▸ Task instructions: The records, repeated exactly and in full, are the expected answer.

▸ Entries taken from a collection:
BEGIN

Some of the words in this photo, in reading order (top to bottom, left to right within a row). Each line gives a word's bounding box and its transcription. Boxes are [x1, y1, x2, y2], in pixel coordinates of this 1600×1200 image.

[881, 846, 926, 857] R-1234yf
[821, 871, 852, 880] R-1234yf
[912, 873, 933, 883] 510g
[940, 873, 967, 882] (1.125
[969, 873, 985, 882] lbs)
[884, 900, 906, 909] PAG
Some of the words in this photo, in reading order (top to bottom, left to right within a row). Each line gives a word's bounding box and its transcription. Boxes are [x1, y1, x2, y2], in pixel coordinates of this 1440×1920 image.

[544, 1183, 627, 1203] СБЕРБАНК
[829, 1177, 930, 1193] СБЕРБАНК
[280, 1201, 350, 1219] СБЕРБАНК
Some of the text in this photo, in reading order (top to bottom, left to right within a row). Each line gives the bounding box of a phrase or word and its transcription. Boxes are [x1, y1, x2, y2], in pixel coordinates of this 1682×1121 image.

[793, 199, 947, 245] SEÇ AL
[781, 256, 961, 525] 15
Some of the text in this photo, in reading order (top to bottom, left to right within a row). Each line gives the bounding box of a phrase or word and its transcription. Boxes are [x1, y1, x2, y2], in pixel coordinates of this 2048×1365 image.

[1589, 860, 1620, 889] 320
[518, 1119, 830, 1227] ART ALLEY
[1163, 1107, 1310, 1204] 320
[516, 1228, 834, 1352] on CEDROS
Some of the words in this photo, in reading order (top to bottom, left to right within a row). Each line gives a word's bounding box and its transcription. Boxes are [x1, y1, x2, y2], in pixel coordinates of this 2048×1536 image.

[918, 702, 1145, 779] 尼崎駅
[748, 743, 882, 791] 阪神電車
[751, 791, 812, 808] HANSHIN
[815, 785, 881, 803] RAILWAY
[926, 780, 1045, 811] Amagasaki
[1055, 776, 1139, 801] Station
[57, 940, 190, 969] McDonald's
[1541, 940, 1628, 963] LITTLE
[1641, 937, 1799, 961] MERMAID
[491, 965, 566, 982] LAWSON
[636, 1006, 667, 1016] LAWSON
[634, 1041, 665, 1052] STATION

END

▸ Exercise output:
Some of the words in this photo, in reading order (top to bottom, left to right within a row). Each line gives a word's bounding box and its transcription. Boxes are [x1, y1, x2, y2], in pixel coordinates of this 1600×1200 image.

[881, 846, 926, 857] R-1234yf
[821, 871, 852, 880] R-1234yf
[912, 873, 933, 883] 510g
[940, 873, 967, 882] (1.125
[969, 873, 985, 882] lbs)
[884, 900, 906, 909] PAG
Some of the words in this photo, in reading order (top to bottom, left to right within a row). Each line gives a word's bounding box and its transcription. Boxes are [x1, y1, x2, y2], in pixel coordinates of this 1440×1920 image.

[544, 1183, 627, 1203] СБЕРБАНК
[829, 1177, 930, 1193] СБЕРБАНК
[280, 1201, 350, 1219] СБЕРБАНК
Some of the text in this photo, in reading order (top to bottom, left to right within a row). Each line gives the bounding box of a phrase or word and its transcription. Boxes are [x1, y1, x2, y2], in pixel coordinates of this 1682×1121 image.

[793, 199, 947, 245] SEÇ AL
[781, 256, 961, 525] 15
Some of the text in this photo, in reading order (top to bottom, left to right within a row). Each line gives the bounding box of a phrase or word and its transcription. Boxes are [x1, y1, x2, y2], in pixel coordinates of this 2048×1365 image.

[1589, 860, 1620, 889] 320
[518, 1119, 830, 1227] ART ALLEY
[1163, 1107, 1310, 1204] 320
[516, 1228, 834, 1352] on CEDROS
Some of the words in this photo, in reading order (top to bottom, left to right within a row). Each line gives a word's bounding box and its transcription. Boxes are [x1, y1, x2, y2], in pixel coordinates of this 2048×1536 image.

[918, 702, 1145, 779] 尼崎駅
[748, 743, 882, 791] 阪神電車
[751, 791, 812, 808] HANSHIN
[815, 785, 881, 803] RAILWAY
[926, 780, 1045, 811] Amagasaki
[1055, 776, 1139, 801] Station
[57, 940, 190, 969] McDonald's
[1541, 940, 1628, 963] LITTLE
[1641, 937, 1799, 961] MERMAID
[491, 965, 566, 982] LAWSON
[636, 1006, 667, 1016] LAWSON
[634, 1041, 665, 1052] STATION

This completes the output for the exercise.